WHAT YOU ARE ASKED TO DO:
Write out each record below exactly, but not the pictures.

DATA RECORDS:

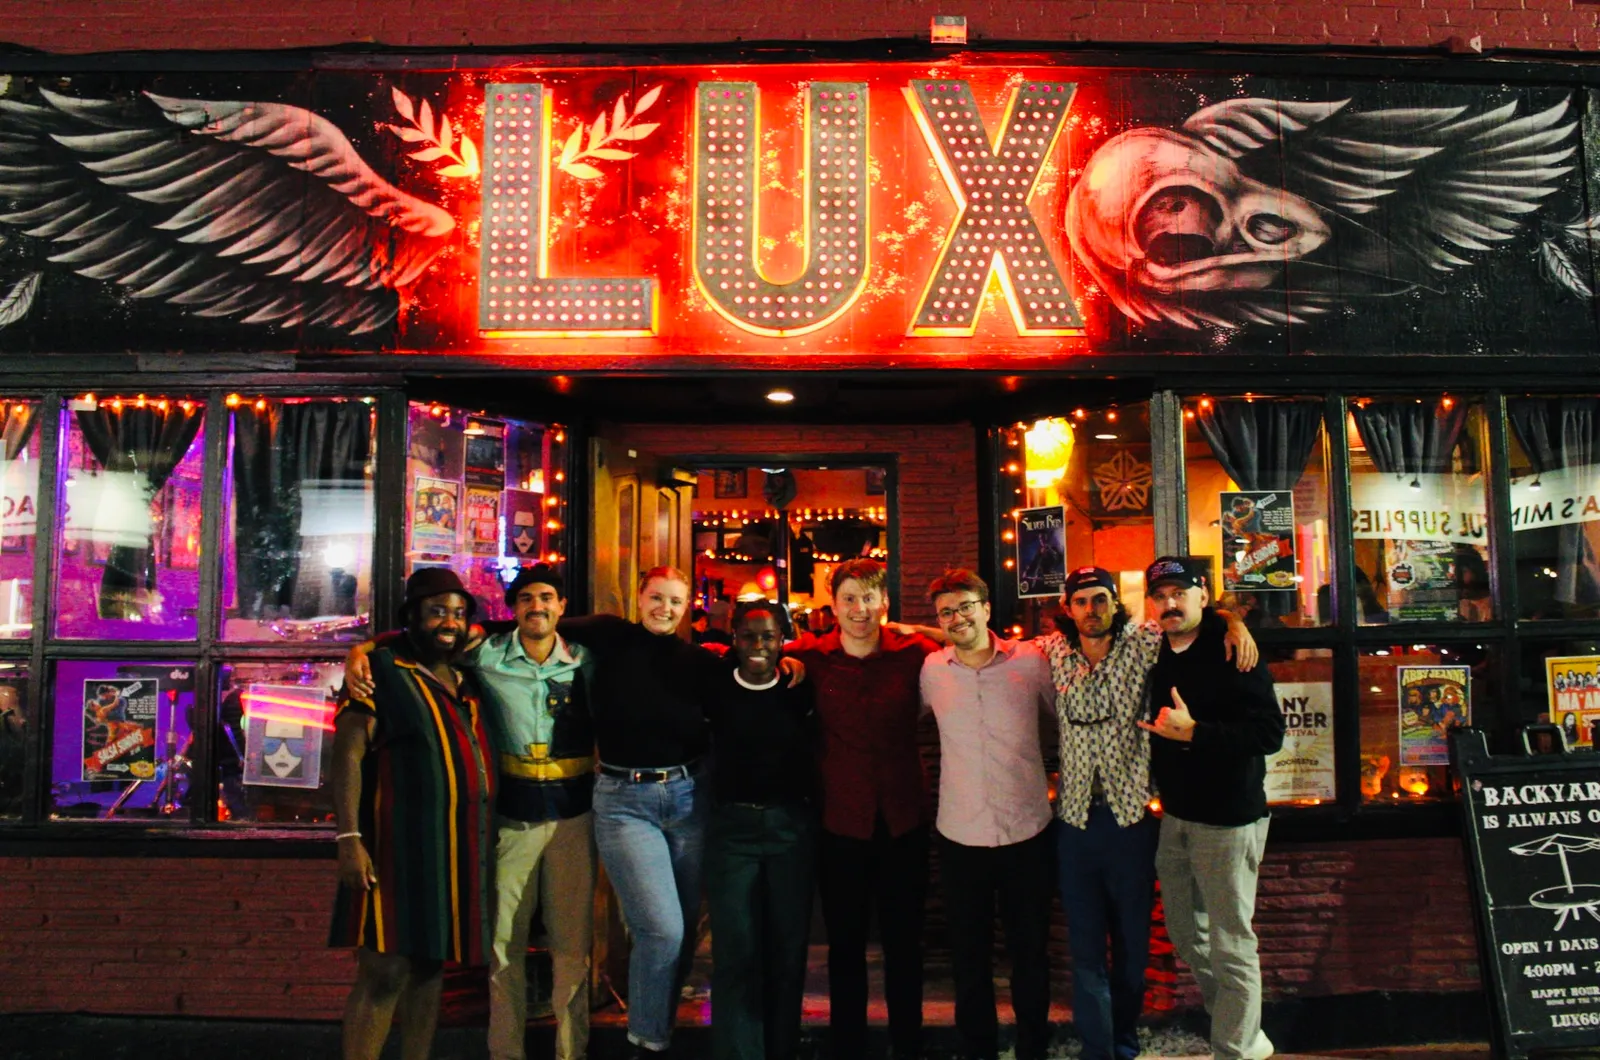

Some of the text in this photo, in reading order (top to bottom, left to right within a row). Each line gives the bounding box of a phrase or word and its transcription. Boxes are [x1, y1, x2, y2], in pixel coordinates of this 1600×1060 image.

[479, 79, 1087, 337] LUX
[1402, 669, 1466, 686] ABBY JEANNE
[1283, 696, 1310, 712] NY
[1283, 712, 1327, 729] DER
[97, 728, 144, 765] SALSA SUNDAYS
[1482, 815, 1500, 829] IS
[1507, 810, 1582, 828] ALWAYS
[1502, 938, 1599, 955] OPEN 7 DAYS
[1523, 963, 1576, 978] 4:00PM
[1531, 988, 1567, 999] HAPPY
[1550, 1012, 1600, 1028] LUX66

TASK RESPONSE:
Some of the text in this photo, in reading order (top to bottom, left to right within a row). Each line gives the bounding box of a phrase or word and its transcription. Boxes are [x1, y1, x2, y2], in pixel coordinates of this 1600×1060 image.

[479, 79, 1087, 337] LUX
[1402, 669, 1466, 686] ABBY JEANNE
[1283, 696, 1310, 712] NY
[1283, 712, 1327, 729] DER
[97, 728, 144, 765] SALSA SUNDAYS
[1482, 815, 1500, 829] IS
[1507, 810, 1582, 828] ALWAYS
[1502, 938, 1599, 955] OPEN 7 DAYS
[1523, 963, 1576, 978] 4:00PM
[1531, 988, 1567, 999] HAPPY
[1550, 1012, 1600, 1028] LUX66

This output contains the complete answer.